Decisions on ventilatory support (VS) in multiple sclerosis (MS) are complex. All patients with MS requiring mechanical ventilation or tracheostomy since 1969 (22) at Mayo Clinic were reviewed. Seventeen had progressive (PMS; 11 secondary and six primary progressive) and one had relapsing remitting MS (RRMS). Four had neuromyelitis optica (NMO). Of those with PMS, all but two required a wheelchair or were bedbound before VS and survived a median of 22 months; 14 were mechanically ventilated and seven underwent subsequent lifelong tracheostomy; three had tracheostomy only.

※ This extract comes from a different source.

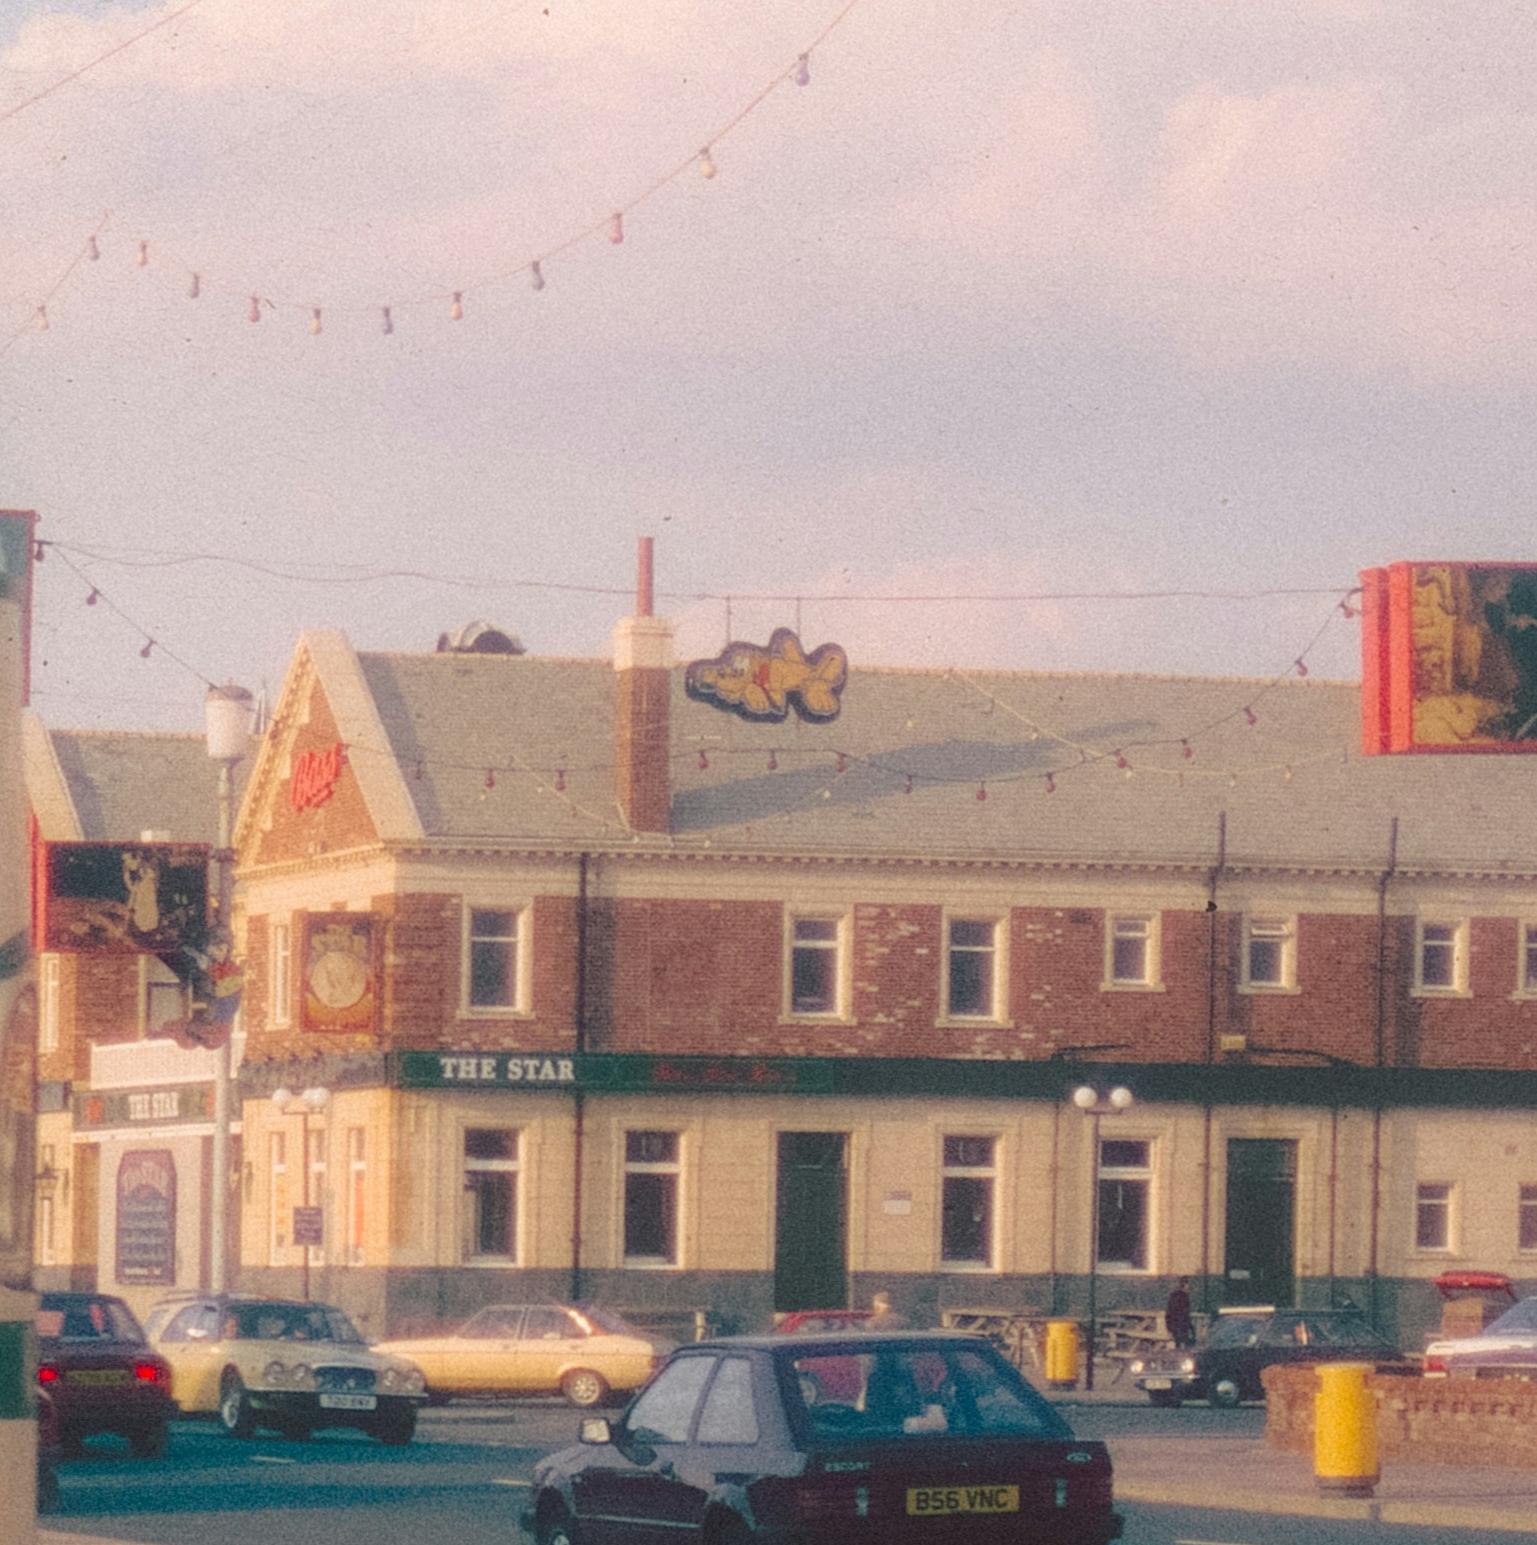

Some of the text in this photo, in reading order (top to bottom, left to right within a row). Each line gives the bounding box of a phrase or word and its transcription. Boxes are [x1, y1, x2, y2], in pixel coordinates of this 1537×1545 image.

[440, 1057, 575, 1081] THE STAR
[128, 1091, 179, 1119] THE STAR
[965, 1487, 1008, 1509] VNC
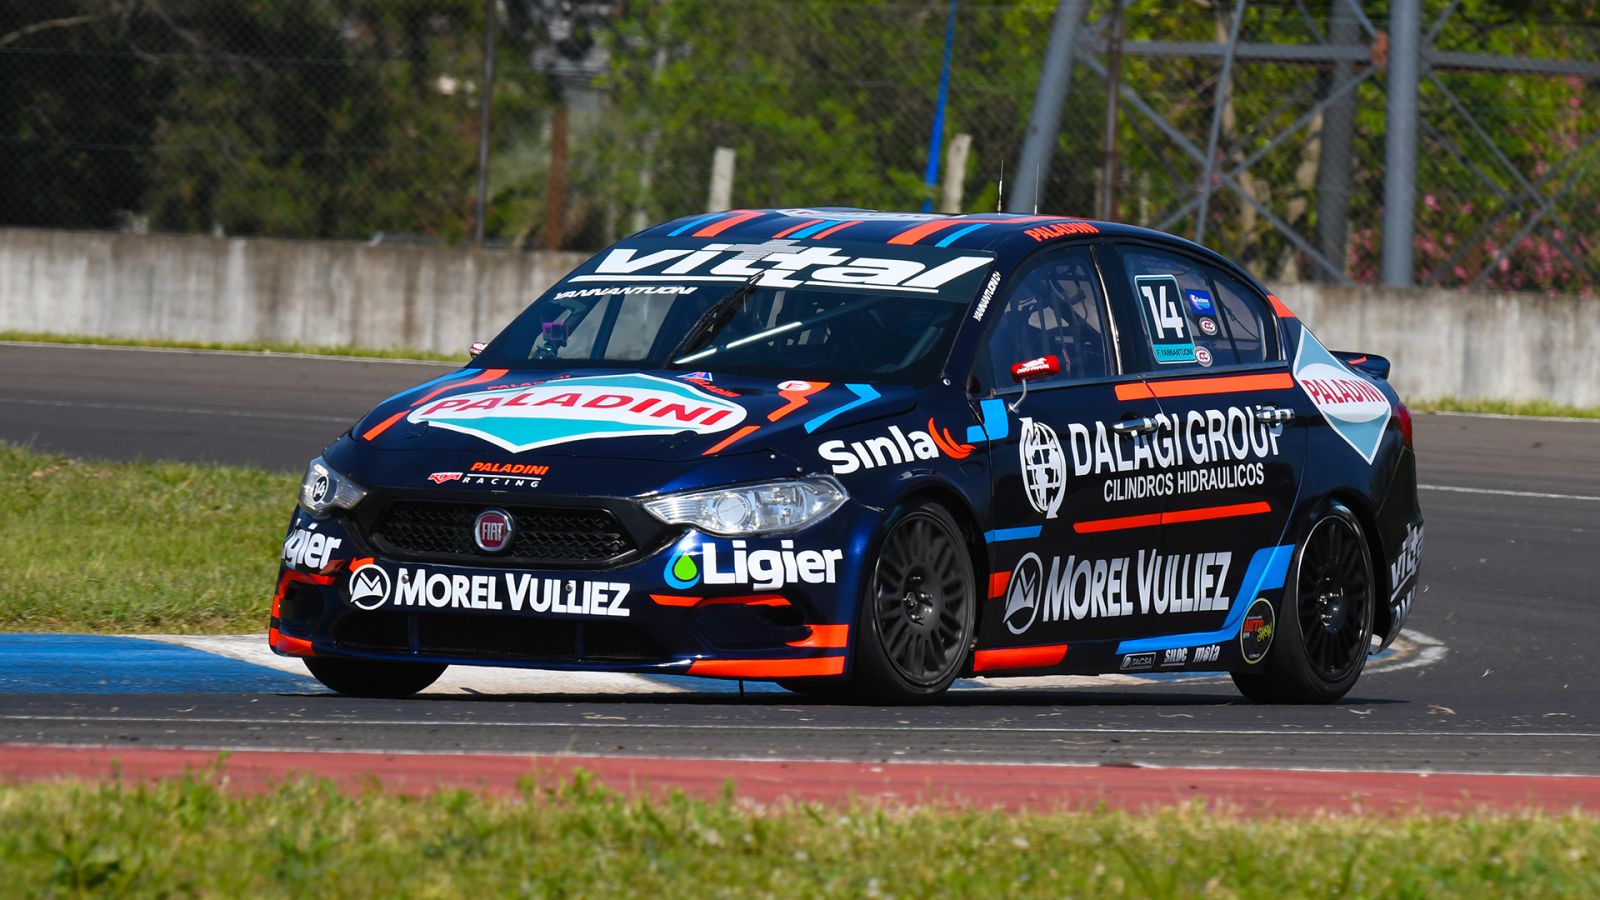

The indications (usually multiple) for VS in PMS patients were aspiration pneumonia, poor ventilation because of mucous plugging, mechanical failure, and airway control/protection for seizures and coma. The RRMS patient required mechanical ventilation for 10 days, with subsequent short-term tracheostomy during a brainstem exacerbation. Of the four patients with NMO one made a dramatic recovery after plasmapheresis. Compared with PMS, the NMO group had a shorter time from disease onset to VS, a longer duration of ventilation, and the three patients not treated with plasma exchange or steroids did worse. The prognosis for independent ventilation (±tracheostomy) was worst for patients with NMO, except for one patient who received plasma exchange, and better then expected for PMS, despite poor preventilation functional status.